ROCHESTER — A University of Rochester Medical Center resident is working with local churches and groups to educate more people about the need to talk with family about their health-care wishes in the event of a serious illness or injury.
Dr. Marielena Vélez de Brown visited an English as a second language class at Ibero-American Action League last month to walk participants through a survey that she is conducting through the end of February as part of her efforts specifically targeted at minority populations.
She said that she is aware of some reasons why Latinos and African-Americans don’t discuss or create end-of-life directives — Latinos due to religious beliefs and African-Americans due to mistrust of the science and medical communities — but wants to investigate other factors.
"It’s important to address this issue," Vélez de Brown told the 11 participants in Ibero’s ESL class on Jan. 29.
In addition to her stop at Ibero, she also plans to visit the three St. Frances Xavier Cabrini Parish worship sites and has conducted workshops in several churches of other denominations, Vélez de Brown said. The information she collects will be part of her master’s thesis in public health as a second-year resident in the URMC’s public health and preventive medicine program.
Her work also is an expansion of an initiative created five years ago by Excellus, Ibero and The Community Place to ensure more Latinos have end-of-life health-care directives in place. Such directives give patients a say in decisions regarding their medical treatment, even if they are too sick to make those decisions themselves.
"We want you to be thinking about this now, while you’re healthy," she told parishioners following the Feb. 7 Mass at Our Lady of the Americas Church.
Latino, African-American and lower-income families in the community need to discuss such directives to reach similar levels of participation as people who are white and earn higher incomes, she added. While the goal for medical professionals is to have as many people communitywide make their end-of-life wishes known, the survey will provide more concrete information as to how minorities have or have not heard about this issue and what reasons have kept them from creating directives. Once the surveys are complete, she will analyze the data to develop strategies to overcome the barriers she finds and help more people complete their directives, Vélez de Brown added.
Eva Torres, who moved to Rochester from Humacao, Puerto Rico, six months ago, said that she has not discussed the issue of advance directives with her mother back home.

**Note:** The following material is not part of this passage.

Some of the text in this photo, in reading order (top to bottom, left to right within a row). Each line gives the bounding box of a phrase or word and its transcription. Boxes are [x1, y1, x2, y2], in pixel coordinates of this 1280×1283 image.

Her mother simply has said that she has paid for her funeral and let Torres know where to find that paperwork, she added.

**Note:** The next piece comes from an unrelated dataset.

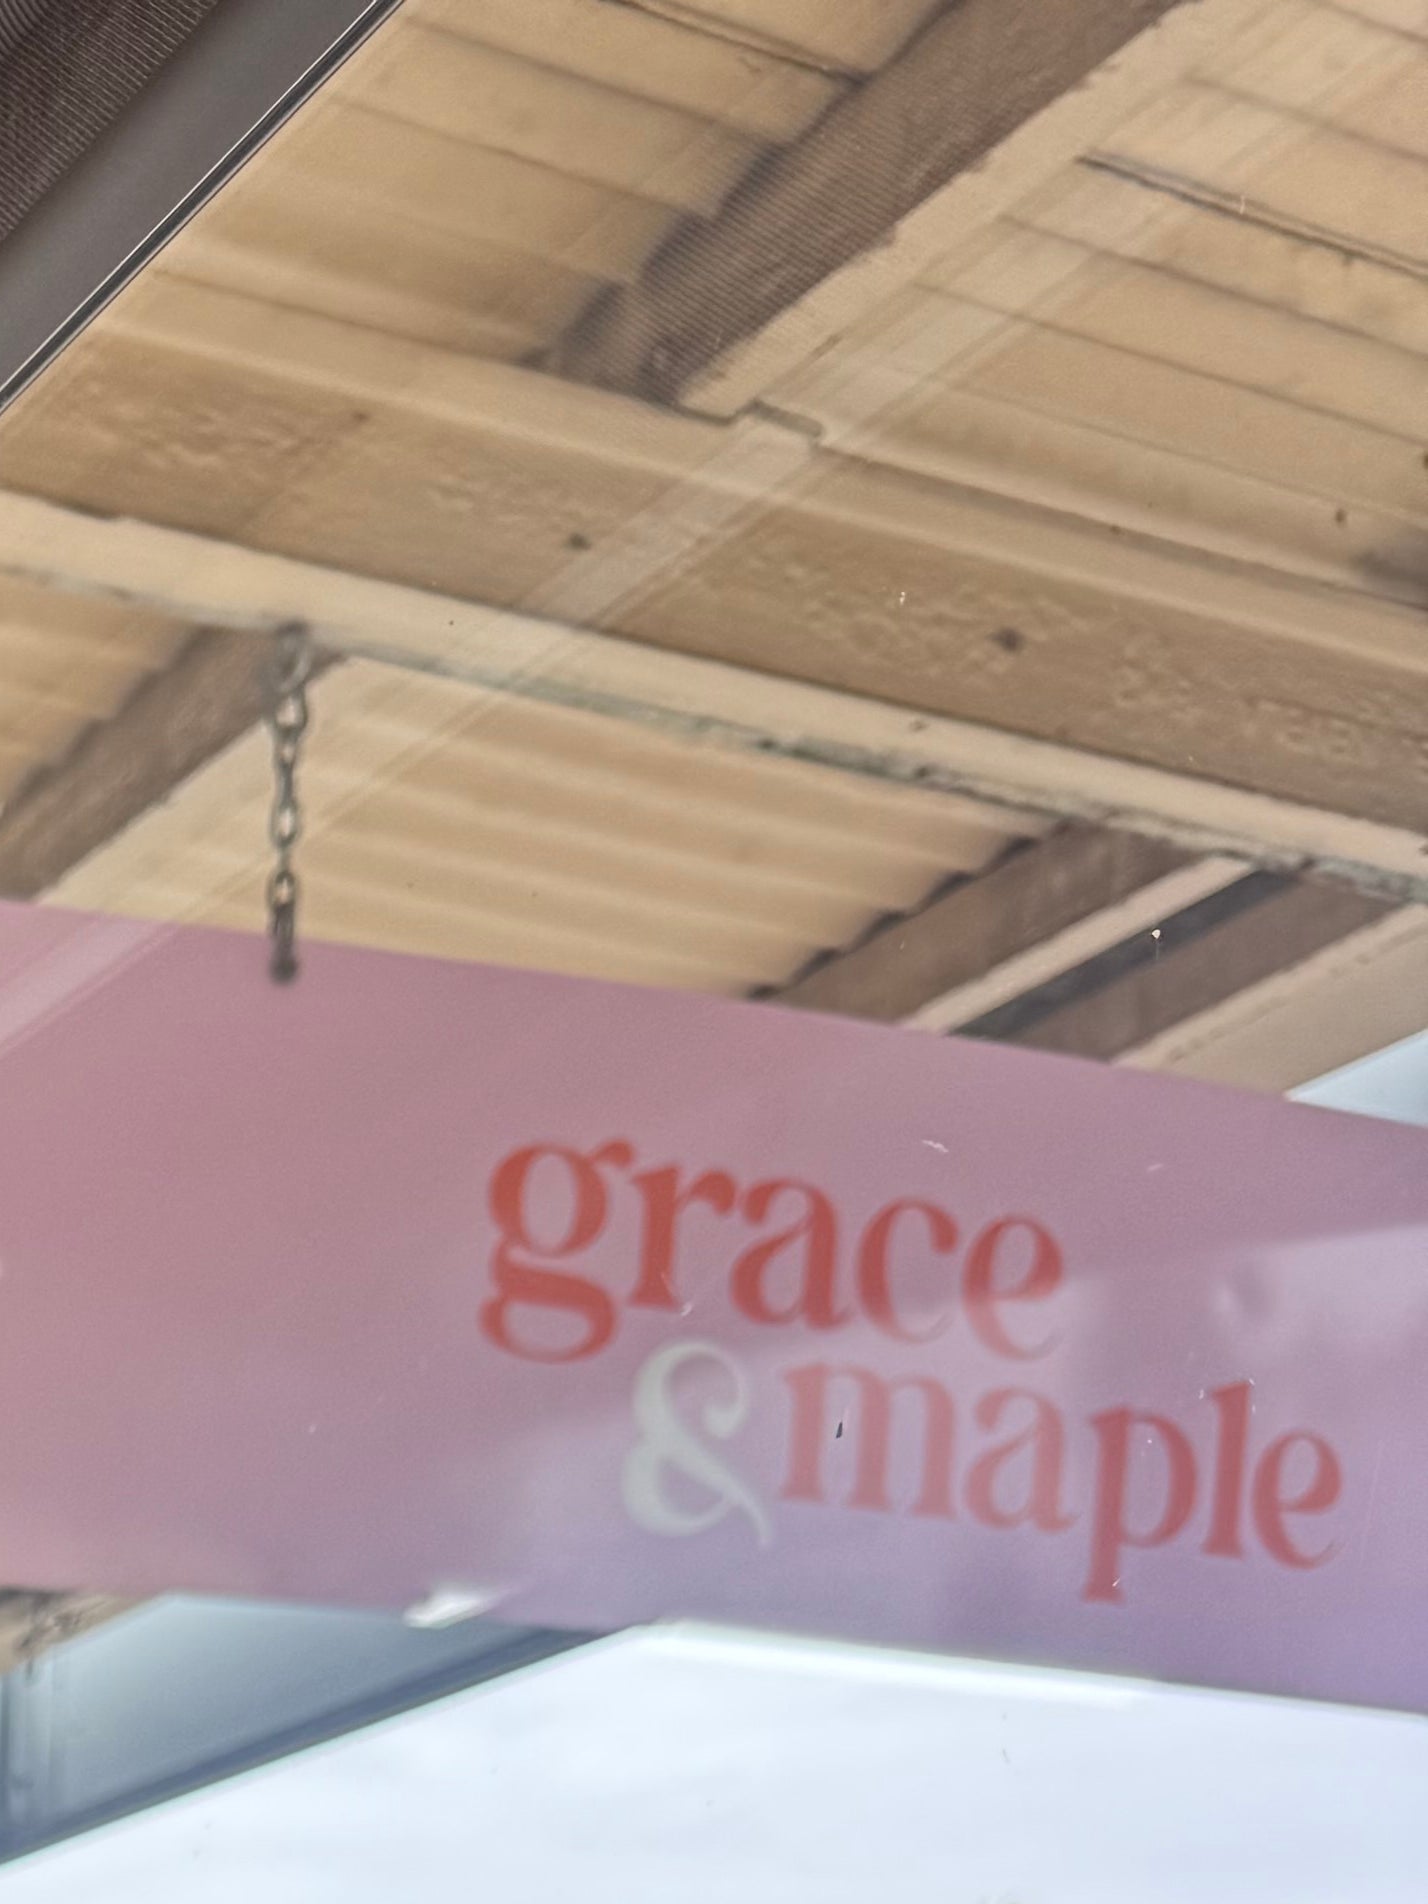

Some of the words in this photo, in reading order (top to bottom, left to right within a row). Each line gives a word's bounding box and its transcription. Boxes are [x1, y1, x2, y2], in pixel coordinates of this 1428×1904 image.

After hearing Vélez de Brown’s Jan. 29 presentation, Torres said that she realizes she needs to sit down with her mother and brother to talk about what her mother would want in the event that they need to decide whether "heroic measures" would be taken to keep her alive. Such measures would include cardiac resuscitation.
"Someone has to make the call," Torres said. "It is better to know what she really wants regarding this issue."
Conversations with family members is the first step, noted Vélez de Brown. She also noted that documenting family members’ wishes is simple and only requires filling out forms to designate a health-care proxy, or spokesperson, and a living will to spell out one’s end-of-life wishes.
A health-care proxy — who doesn’t have to be a relative — is a trusted person appointed to make health-care decisions on an individual’s behalf in the event the individual becomes incapacitated, explained Vélez de Brown. A living will outlines a person’s wishes about such matters as artificial respiration, cardiac resuscitation and pain management in a health crisis, she added.
An attorney is not required to complete these forms, Vélez de Brown pointed out. The forms do need to be signed in the presence of witnesses who also sign the paperwork, she said.
Vélez de Brown urged the ESL class participants Jan. 29 to not delay in making advance-care decisions and placing their completed forms on file with their doctors before a crisis hits. Advance-care directives also help avoid the kinds of emotionally charged scenes that she has witnessed because families failed to talk about these matters, she added.
"We have seen so many fights at the hospital. One child (of a patient) says one thing. Another child says something different," she explained. "The most tight-knit families can fall apart. … All of that can be avoided by talking with your families."